Finance Minister Bruno Le Maire had already voiced such ideas in May 2020, when state aid for AirFrance-KLM was decided. The weekend's vote picks up on these plans and aims to help reduce CO₂ emissions permanently - even if the air travel industry picks up again after the global pandemic. The ban is part of a broader climate law that aims to reduce French carbon dioxide emissions by 40 per cent by 2030 compared to 1990 levels.

French President Emmanuel Macron said on Tuesday that Paris would reopen its embassy in the Libyan capital Tripoli next Monday to show its support for the new authorities.
Speaking alongside Mohammed al-Menfi, the head of the Libyan presidency council, Macron said France and its European partners would back Libya's political efforts and called for Turkish and Russian forces to leave the country as soon as possible.

French Prime Minister Jean Castex announced a four-week lockdown for 16 regions, including Paris, the Île-de-France region, Hauts-de-France and parts of la Normandie, will start Friday at midnight.
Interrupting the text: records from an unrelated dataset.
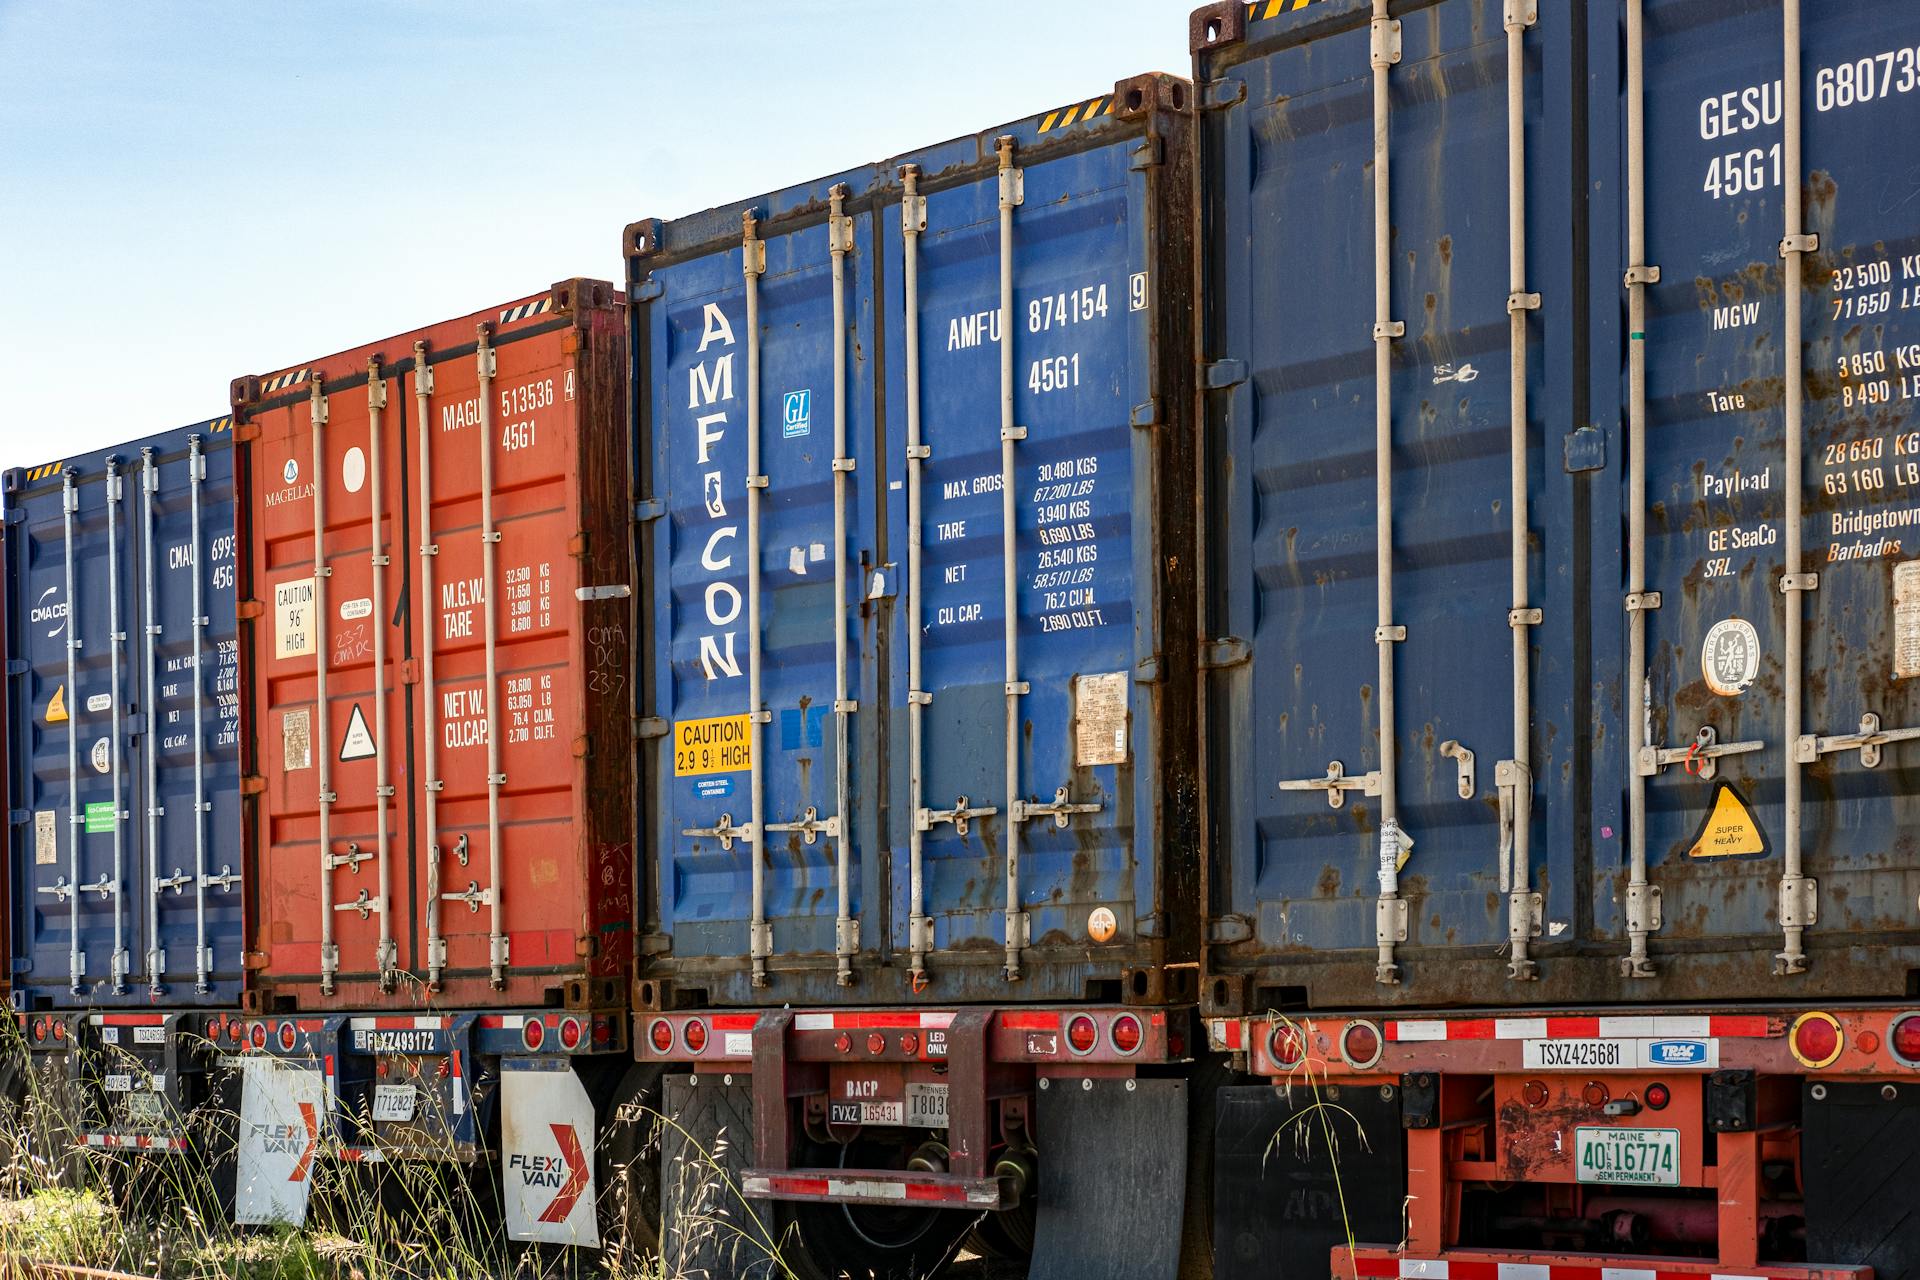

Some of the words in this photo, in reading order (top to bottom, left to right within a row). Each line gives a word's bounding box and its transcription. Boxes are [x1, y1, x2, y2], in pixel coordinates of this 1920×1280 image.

[1700, 79, 1782, 140] GESU
[1816, 47, 1920, 112] 68073
[1704, 143, 1781, 199] 45G1
[948, 309, 1002, 351] AMFU
[1029, 284, 1108, 333] 874154
[1132, 274, 1146, 309] 9
[1713, 302, 1760, 330] MGW
[1029, 353, 1079, 394] 45G1
[442, 397, 482, 432] MAGU
[501, 379, 553, 417] 513536
[565, 371, 575, 398] 4
[786, 393, 808, 423] GL
[1707, 391, 1745, 413] Tare
[502, 419, 536, 451] 45G1
[1895, 432, 1920, 456] KG
[1076, 457, 1097, 475] KGS
[1895, 462, 1920, 486] LB
[265, 482, 316, 507] MAGELLAN
[944, 480, 971, 500] MAX.
[1071, 479, 1095, 496] LBS
[1069, 500, 1090, 519] KGS
[938, 521, 966, 540] TARE
[1071, 522, 1095, 541] LBS
[1832, 508, 1920, 536] Bridgetown
[1709, 529, 1728, 552] GE
[1731, 524, 1777, 549] SeaCo
[169, 543, 194, 569] CMAU
[1076, 545, 1097, 563] KGS
[1827, 536, 1901, 562] Barbados
[506, 566, 530, 584] 32.500
[539, 563, 550, 577] KG
[945, 565, 967, 583] NET
[1071, 567, 1094, 584] LBS
[1704, 557, 1736, 578] SRL.
[213, 565, 236, 590] 45G
[278, 584, 312, 607] CAUTION
[443, 577, 485, 609] M.G.W.
[506, 583, 530, 600] 71.650
[540, 579, 550, 594] LB
[52, 602, 68, 619] CG
[511, 600, 531, 616] 3.900
[540, 596, 550, 611] KG
[1044, 592, 1066, 610] 76.2
[443, 610, 473, 640] TARE
[540, 612, 550, 627] LB
[286, 632, 305, 651] HIGH
[1707, 624, 1729, 661] BUREAU
[1733, 623, 1755, 657] VERITAS
[167, 658, 182, 672] MAX.
[163, 683, 178, 697] TARE
[507, 678, 531, 694] 28.600
[541, 675, 551, 689] KG
[444, 691, 466, 719] NET
[468, 689, 484, 716] W.
[508, 694, 532, 711] 63.050
[541, 692, 551, 706] LB
[168, 710, 180, 723] NET
[513, 710, 529, 725] 76.4
[509, 728, 529, 743] 2.700
[683, 721, 744, 746] CAUTION
[721, 745, 751, 766] HIGH
[1716, 825, 1744, 834] SUPER
[1714, 836, 1743, 845] HEAVY
[367, 1031, 434, 1051] FLXZ493172
[930, 1032, 945, 1042] LED
[927, 1043, 948, 1054] ONLY
[1539, 1043, 1620, 1065] TSXZ425681
[1661, 1044, 1695, 1057] TRAC
[846, 1080, 879, 1098] BACP
[832, 1105, 857, 1121] FVXZ
[864, 1105, 897, 1121] 165431
[250, 1124, 302, 1140] FLEXI
[1608, 1132, 1645, 1141] MAINE
[264, 1139, 300, 1155] VAN
[509, 1154, 562, 1173] FLEXI
[522, 1170, 561, 1188] VAN
[1615, 1171, 1655, 1182] PERMANENT
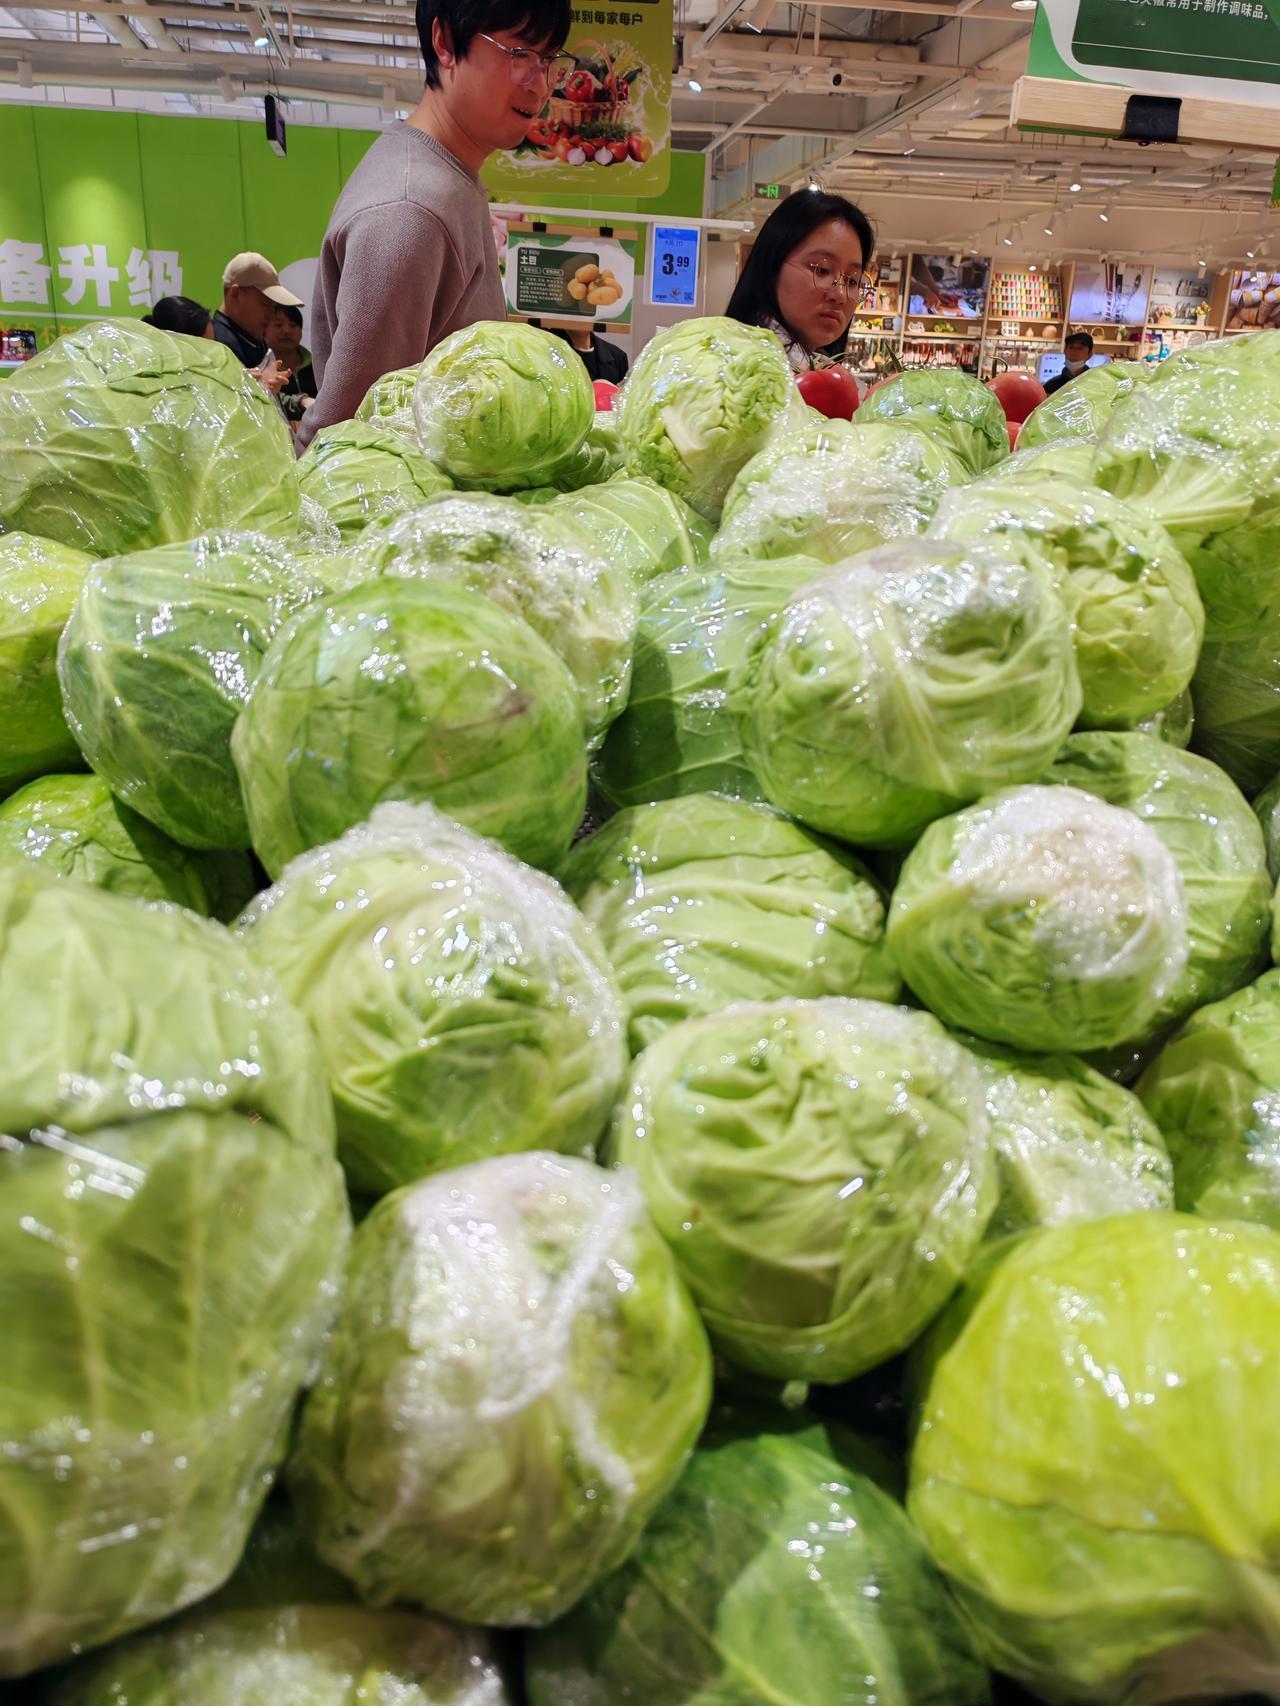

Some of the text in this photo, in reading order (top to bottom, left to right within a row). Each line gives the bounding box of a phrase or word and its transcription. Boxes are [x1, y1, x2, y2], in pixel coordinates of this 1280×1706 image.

Essential stores and schools will remain open and the curfew will start at 7pm. The lockdown is imposed to prevent a third wave.

Thomas Bach is reelected as president of the International Olympic Committee. The German lawyer was unopposed and won the vote 93-1, with four members abstaining.
Bach said Tokyo was "the best prepared Olympic city ever" and reiterated that the Games would open July 23.
He also signed future Olympic hosts Paris and Los Angeles, while Brisbane, Australia, is now being fast-tracked for 2032 -- a move aimed at avoiding expensive campaigns and allegations of vote-buying.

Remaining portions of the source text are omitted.